One of the more eye-catching stories involving Brexit last week was the news that Brexiteer and pub behemoth Tim Martin has banned Jägermeister from Wetherspoons.
Following hot on the heels of an announcement to pull champagne and prosecco from shelves across his 900 locations, he has now gone after one of the most popular shots in Britain.
Made in Germany, anyone who has ever tried it will remember Jäger for two reasons. Firstly, it tastes terrible. I mean truly vile. When knocked back with a splash of Redbull, or some other filthy energy drink the combination is intoxicating, yes, but mainly just horrific.
However, as well as tasting like something you should be putting in your car’s engine rather than your body, it is, somehow, addictive.
Akin to a bushtucker trial on I’m a Celebrity, getting in a round of Jägers has never, ever been about the taste (excluding those few oddball mates who tell you “yeah actually I quite like the flavour”).
Instead it’s a bonding exercise. A way to say “we’re all in this together now, so let’s see where we end up”. Indeed, the appeal of sinking a few bombs on a night out has seen Jäger soar in popularity in recent years, becoming the second-best selling speciality drinks brand globally in 2017, behind only Martini.

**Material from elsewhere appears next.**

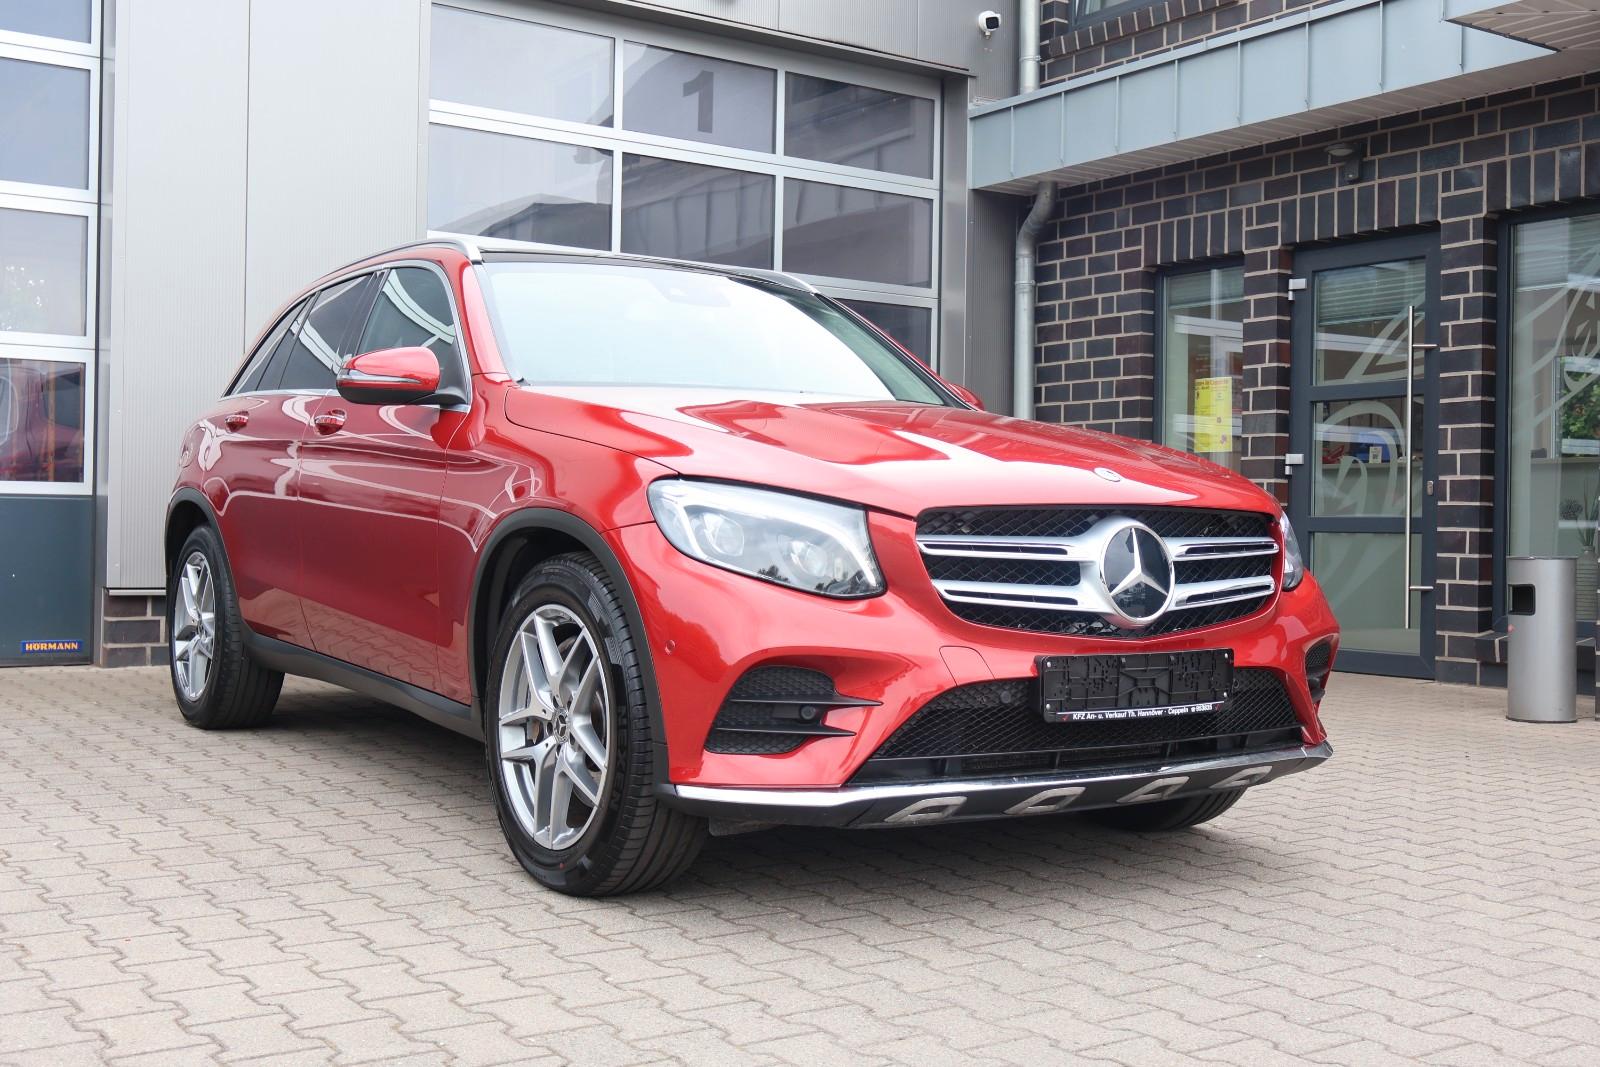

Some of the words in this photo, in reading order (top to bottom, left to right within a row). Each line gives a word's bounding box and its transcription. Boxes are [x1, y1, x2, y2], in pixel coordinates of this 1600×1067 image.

Marketing gimmick aside (nothing beats free publicity) the decision to scrap Jägermeister from Wetherspoons pubs shouldn’t – on the face of it – mean much in the long term.
For a start, the pub already has an English brand – the aptly named Strika – ready to replace Germany’s finest.
There’s also plenty of other spirits out there that can be combined with Red Bull or the like.
But we should care. We should care because, like so much surrounding Brexit, our choices and range of experiences are now firmly under threat.
While not everyone will want to make a stand over something as fickle as an herbal liqueur originally designed to be sipped as an after-dinner digestif rather than necked in a nightclub, this is an example of the real danger of what Brexit could mean.
It is eroding our way of life, limiting our options in future, and making us more reliant on companies at home (increasing the chance of unhealthy monopolies forming), rather than allowing competition to flourish and benefit the majority.
Both sides of the Brexit divide had reasons for voting, and this is not to take a swipe at people for their choice. We just need to be aware that by narrowing our horizons – turning our back on nearly half a century of integration and cooperation – we may undo the very fabric underpinning how we live our lives.
If there was a big prize at the end of it – say, for example, an extra £350m a week for the NHS – it might, MIGHT, just be worth it. But as we all now know, Brexit is more likely to see our cash-strapped health service take a funding cut rather than receive extra, much needed, capital.
The truth – and it’s as hard to swallow as, ironically, a Jäger, is that wherever you look, the most experienced people in every field are warning of the dangers of Brexit. Mark Carney, the governor of the Bank of England, said just last week that in a worst-case no-deal scenario, house prices could fall by a third, and he is by no means the only expert painting such a bleak picture.
Yet the government and its backers continue to plough ahead, ignoring every shred of evidence and every new report in order to enforce the will of the people. Whatever that even is.
It’s enough to make you want a drink. It’s just a shame we might not have many choices about what to imbibe this time next year.
Nick Paler is the head of content at communications consultancy MRM.